++++ Records shown
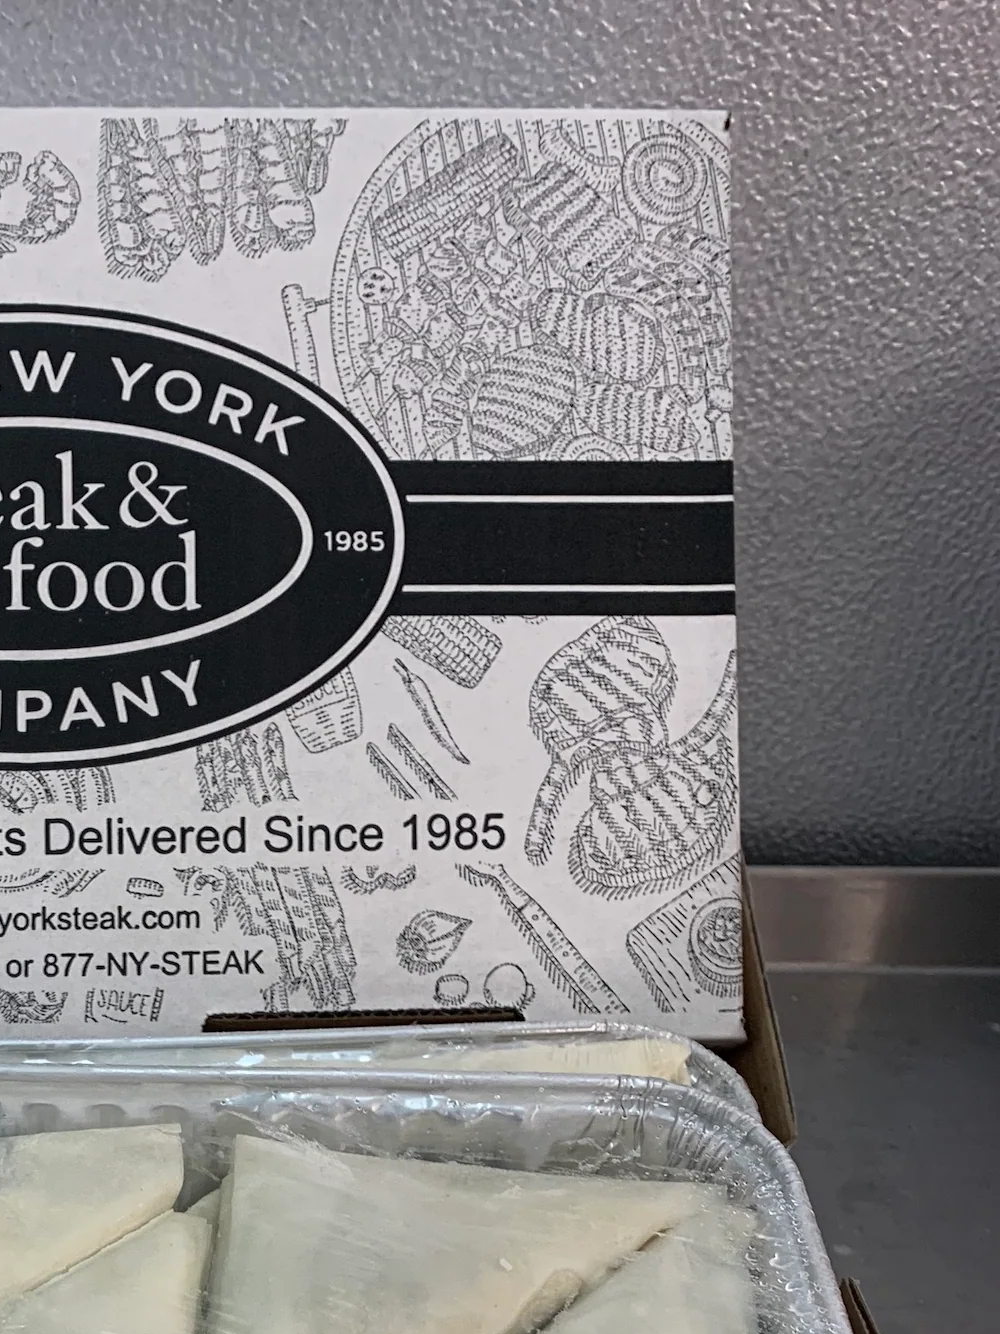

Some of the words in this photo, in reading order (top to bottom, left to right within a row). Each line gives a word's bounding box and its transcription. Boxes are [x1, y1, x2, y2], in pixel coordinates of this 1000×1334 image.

[111, 355, 306, 456] YORK
[119, 461, 189, 529] &
[324, 530, 385, 552] 1985
[44, 816, 246, 856] Delivered
[264, 814, 384, 853] Since
[403, 812, 506, 851] 1985
[6, 959, 34, 978] or
[43, 949, 265, 978] 877-NY-STEAK
[97, 989, 151, 1017] SAUCE
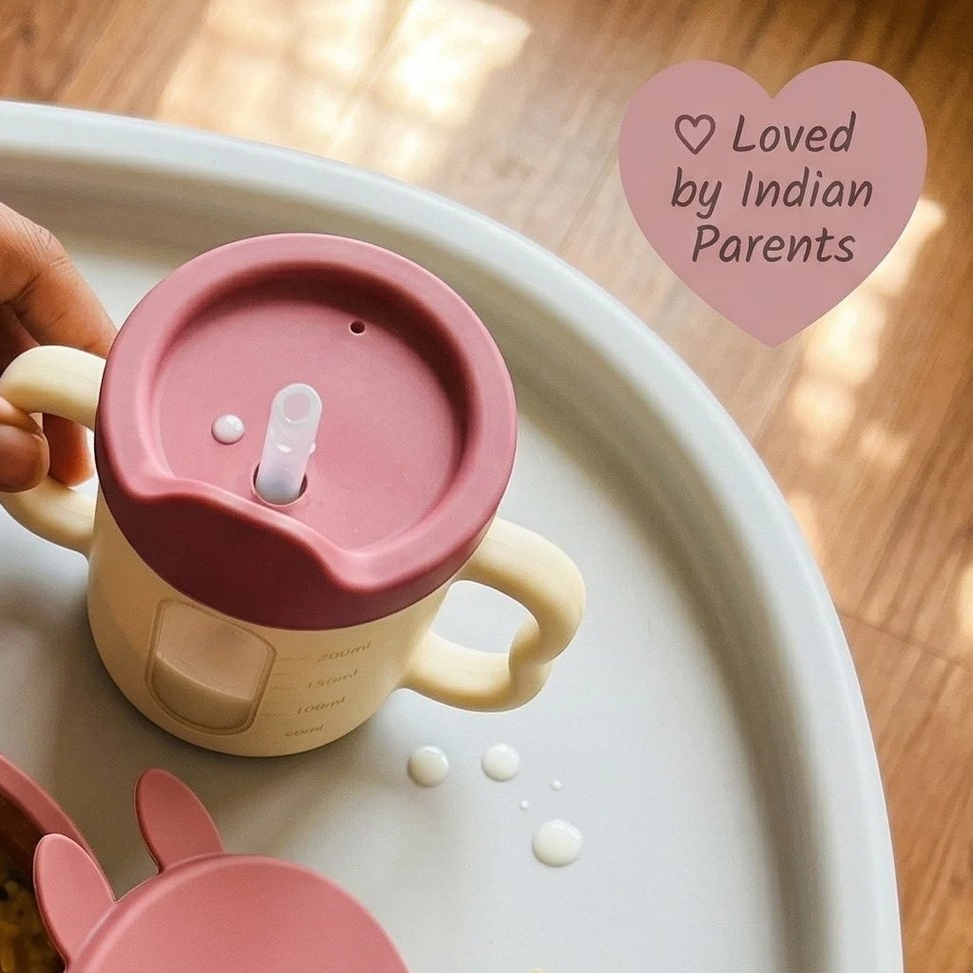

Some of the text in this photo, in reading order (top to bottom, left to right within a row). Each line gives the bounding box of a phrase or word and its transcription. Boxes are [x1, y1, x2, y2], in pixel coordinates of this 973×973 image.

[317, 640, 372, 663] 200ml
[307, 669, 359, 689] 150ml
[297, 696, 346, 715] 100ml
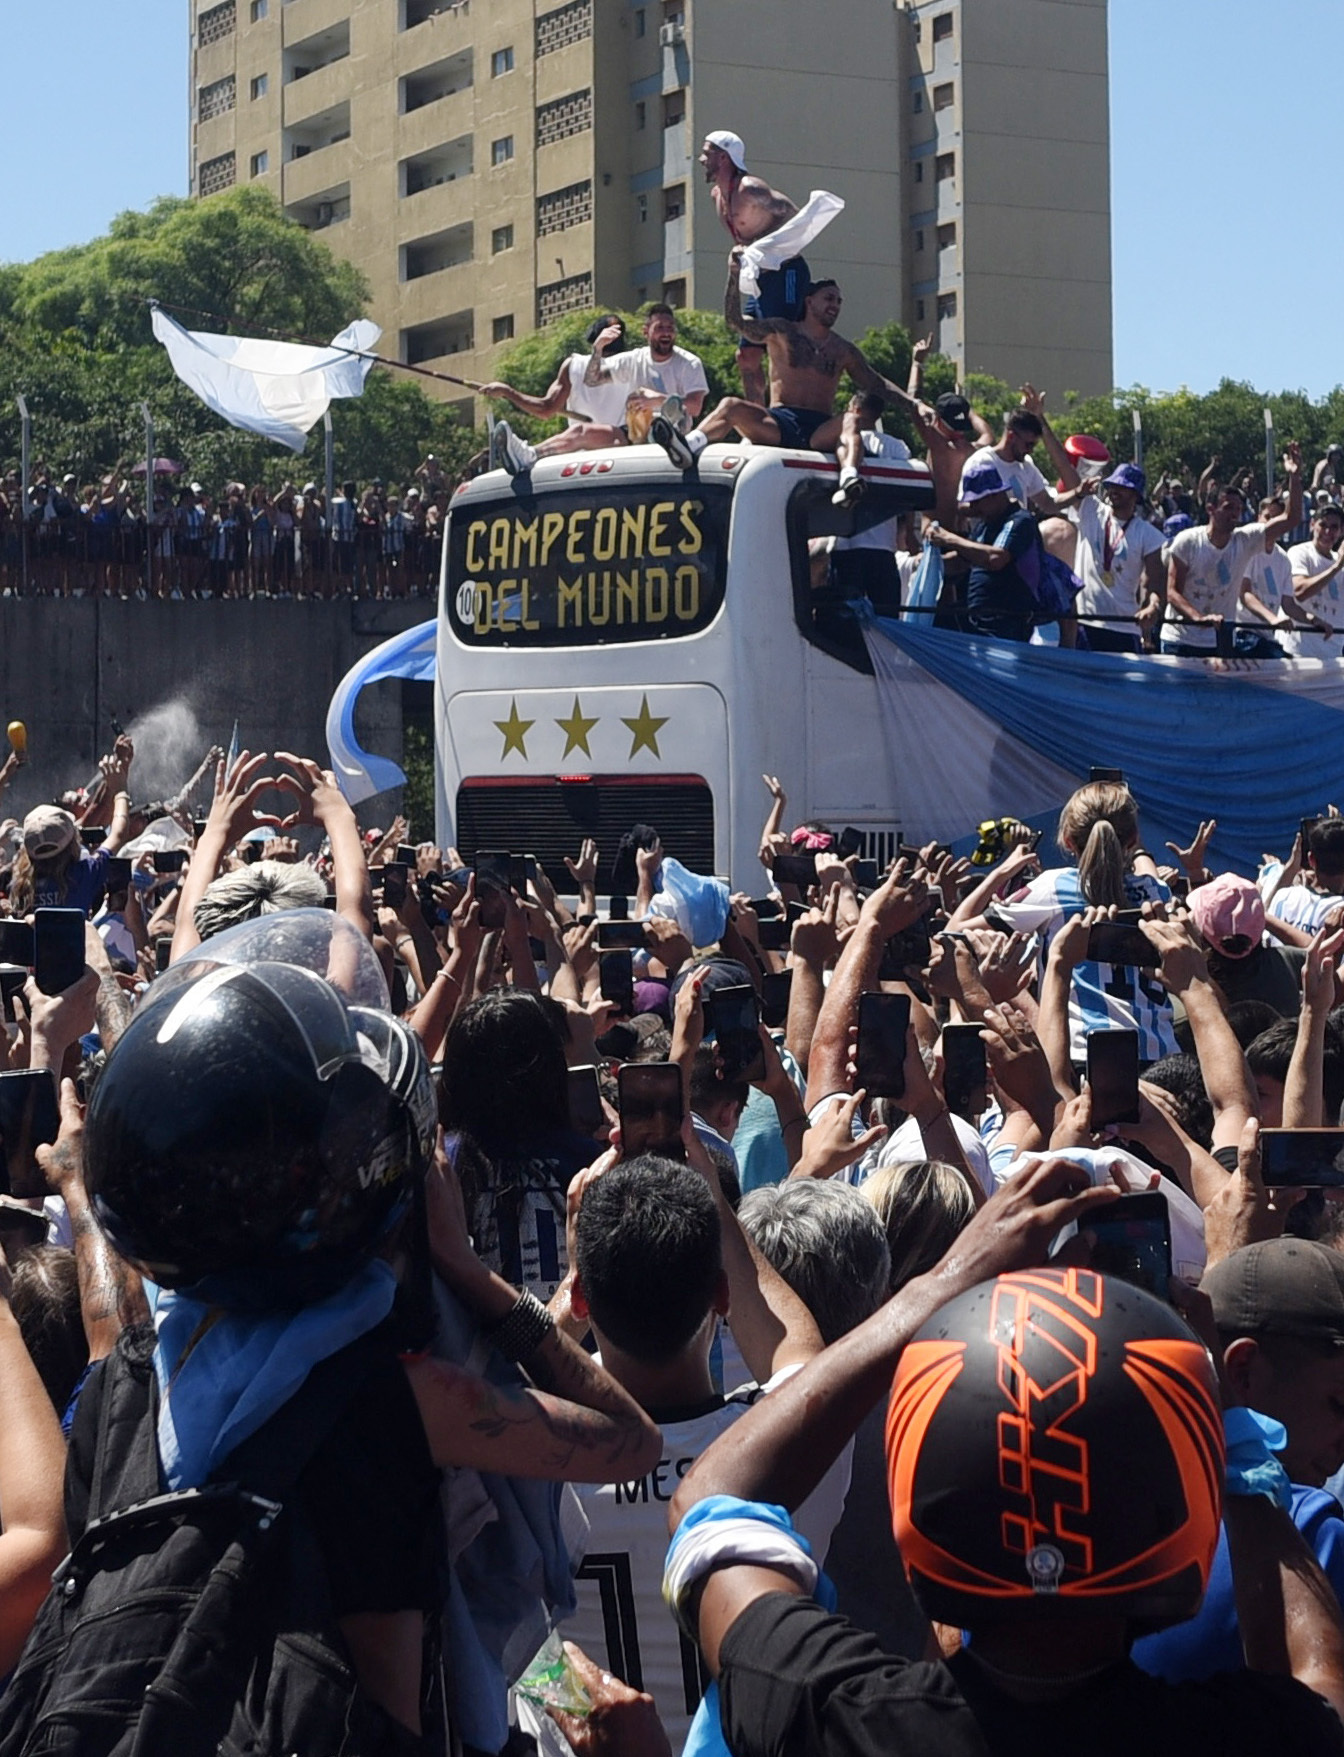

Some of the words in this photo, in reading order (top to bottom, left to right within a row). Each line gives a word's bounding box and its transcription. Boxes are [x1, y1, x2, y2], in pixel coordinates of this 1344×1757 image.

[466, 500, 704, 573] CAMPEONES
[474, 578, 540, 635] DEL
[557, 565, 699, 627] MUNDO
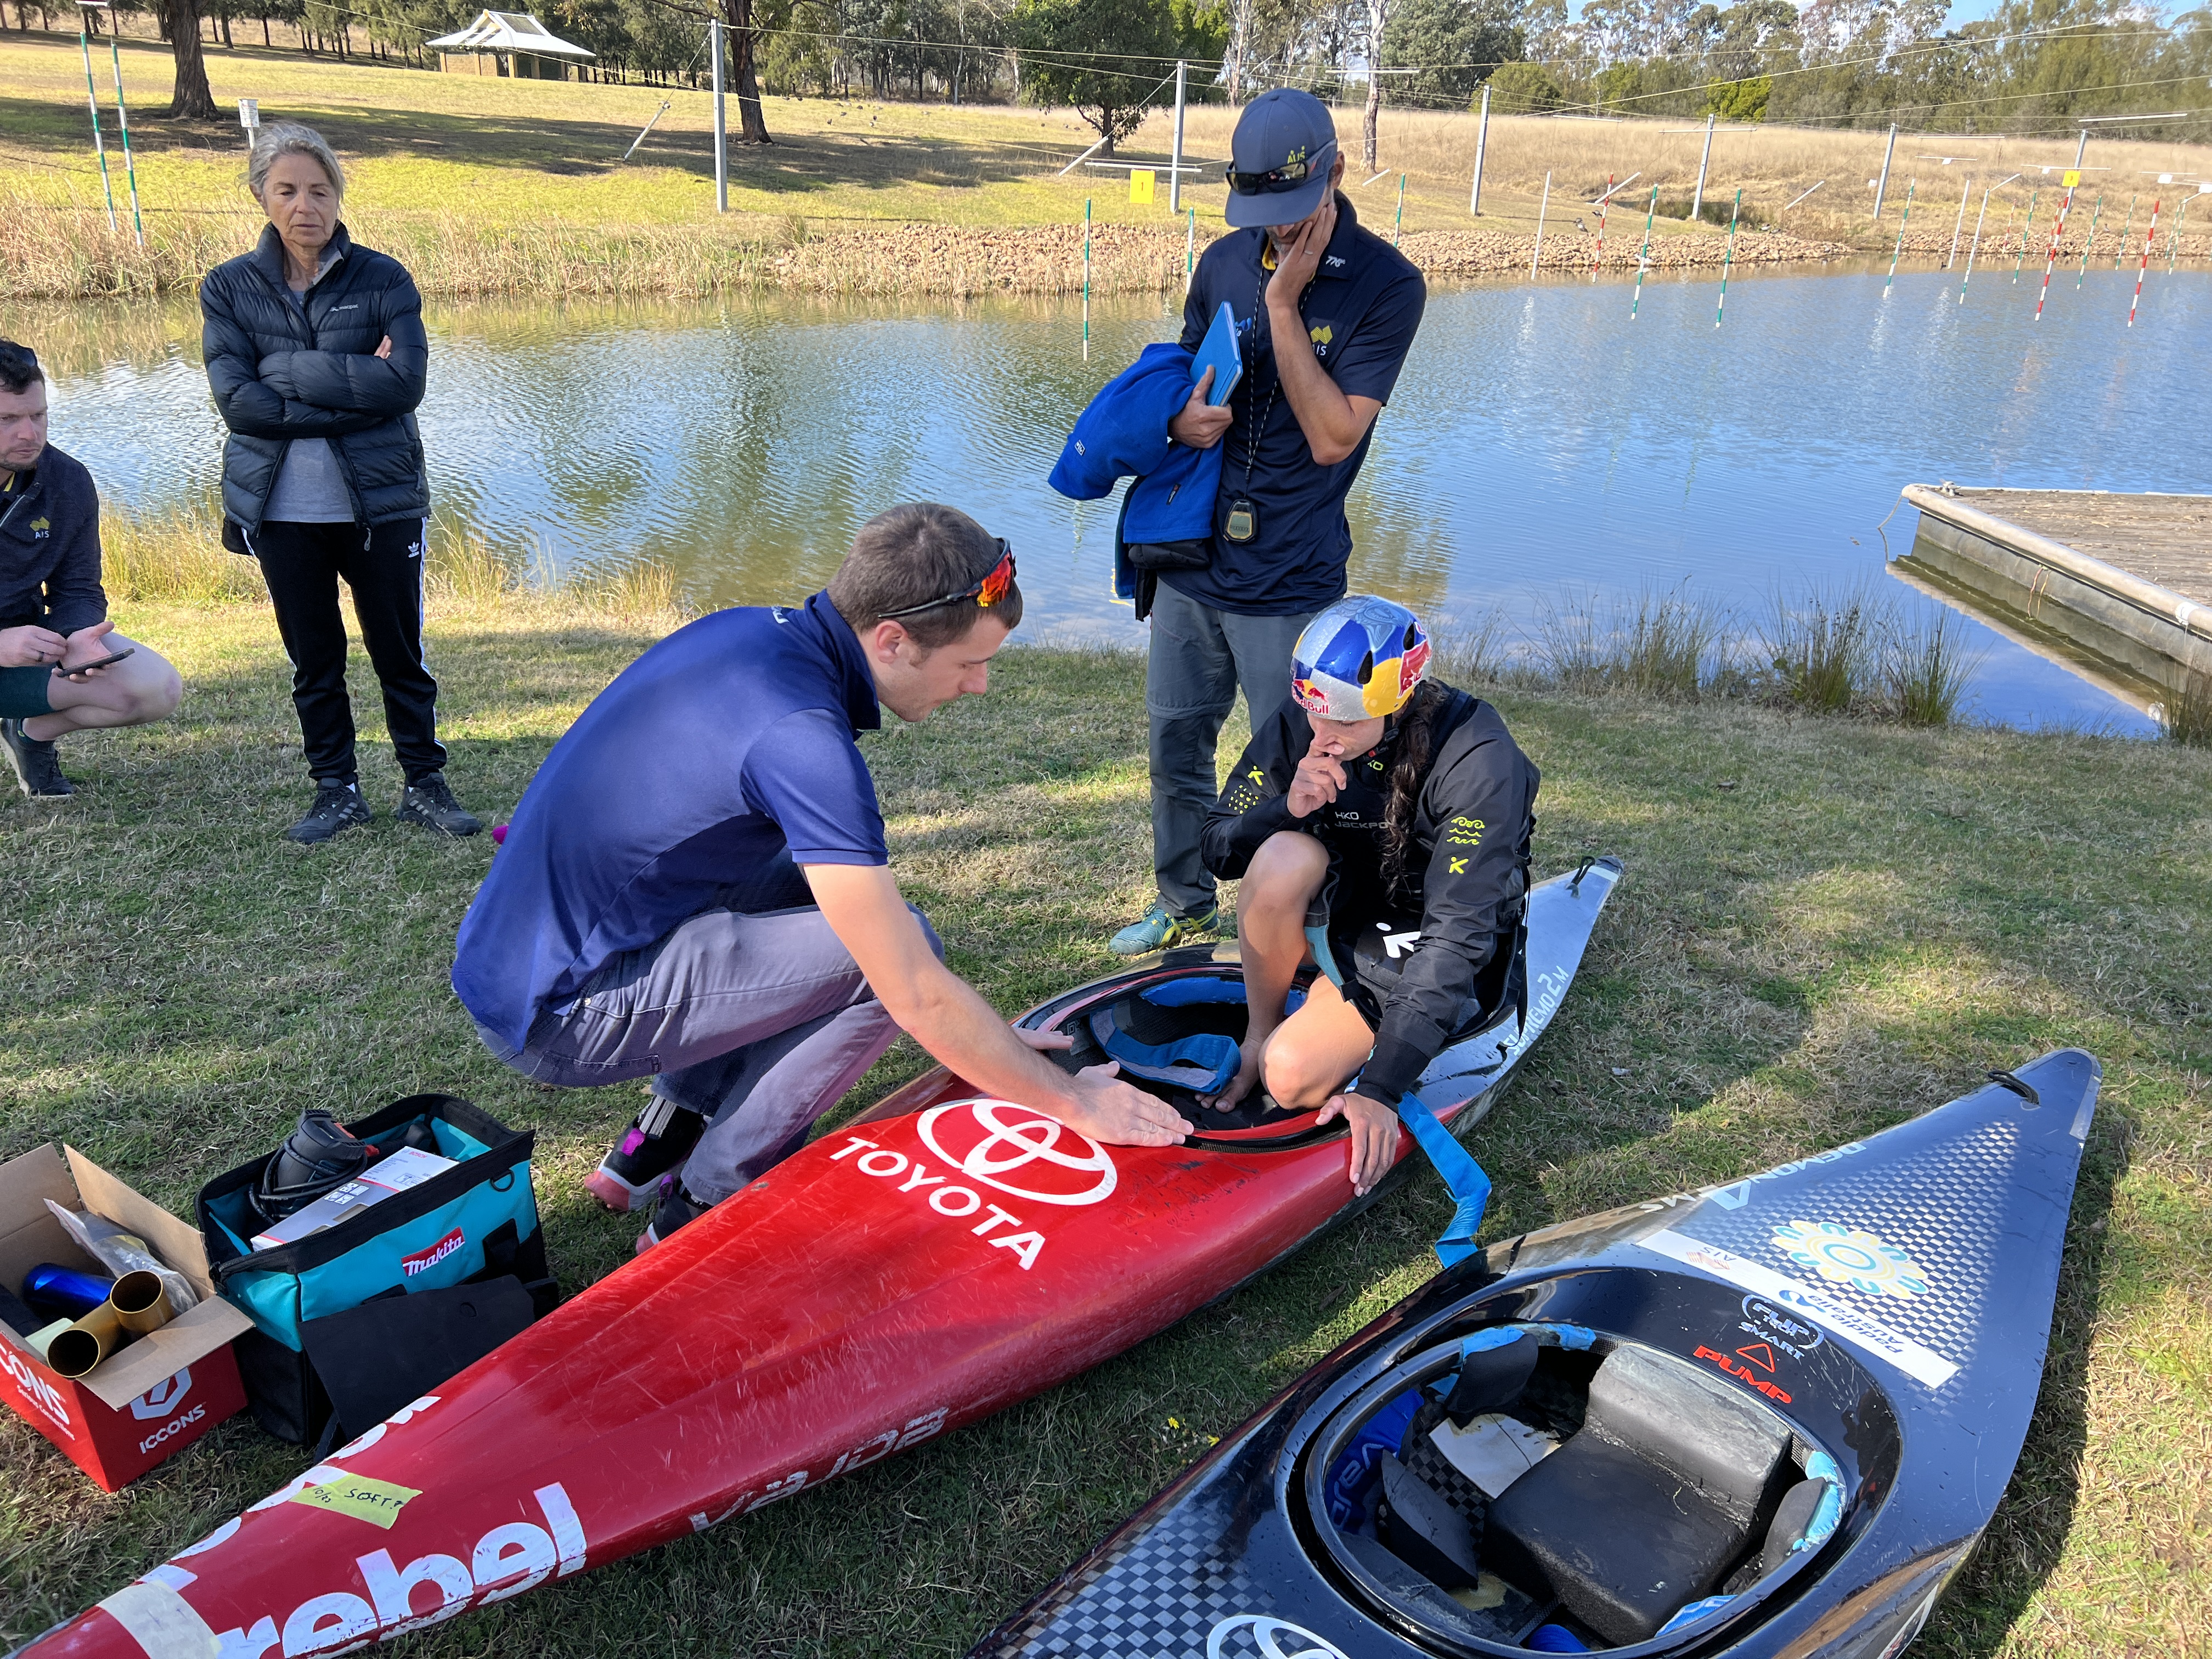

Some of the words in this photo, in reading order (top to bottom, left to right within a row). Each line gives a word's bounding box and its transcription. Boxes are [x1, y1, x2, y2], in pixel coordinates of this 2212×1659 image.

[1312, 344, 1327, 356] IS
[35, 531, 49, 539] AIS
[1307, 701, 1329, 714] Bull
[1368, 759, 1384, 771] KO
[1502, 992, 1556, 1056] SUPREMO
[1746, 1141, 1867, 1184] DEMON
[830, 1136, 1046, 1271] TOYOTA
[1700, 1246, 1737, 1261] AIS
[1738, 1321, 1805, 1360] SMART
[1808, 1295, 1906, 1345] Australia
[1830, 1314, 1904, 1353] Paddle
[1692, 1345, 1792, 1403] PUMP
[139, 1404, 206, 1454] ICCONS
[215, 1482, 587, 1659] rebel
++++++++
What this task involves:
Please write out, exactly as they appear, the line that contains "this 2212×1659 image." and every line after it up to the end of the entries above, and no others.

Written solution:
Some of the words in this photo, in reading order (top to bottom, left to right within a row). Each line gives a word's bounding box and its transcription. Boxes are [x1, y1, x2, y2], in pixel coordinates of this 2212×1659 image.

[1312, 344, 1327, 356] IS
[35, 531, 49, 539] AIS
[1307, 701, 1329, 714] Bull
[1368, 759, 1384, 771] KO
[1502, 992, 1556, 1056] SUPREMO
[1746, 1141, 1867, 1184] DEMON
[830, 1136, 1046, 1271] TOYOTA
[1700, 1246, 1737, 1261] AIS
[1738, 1321, 1805, 1360] SMART
[1808, 1295, 1906, 1345] Australia
[1830, 1314, 1904, 1353] Paddle
[1692, 1345, 1792, 1403] PUMP
[139, 1404, 206, 1454] ICCONS
[215, 1482, 587, 1659] rebel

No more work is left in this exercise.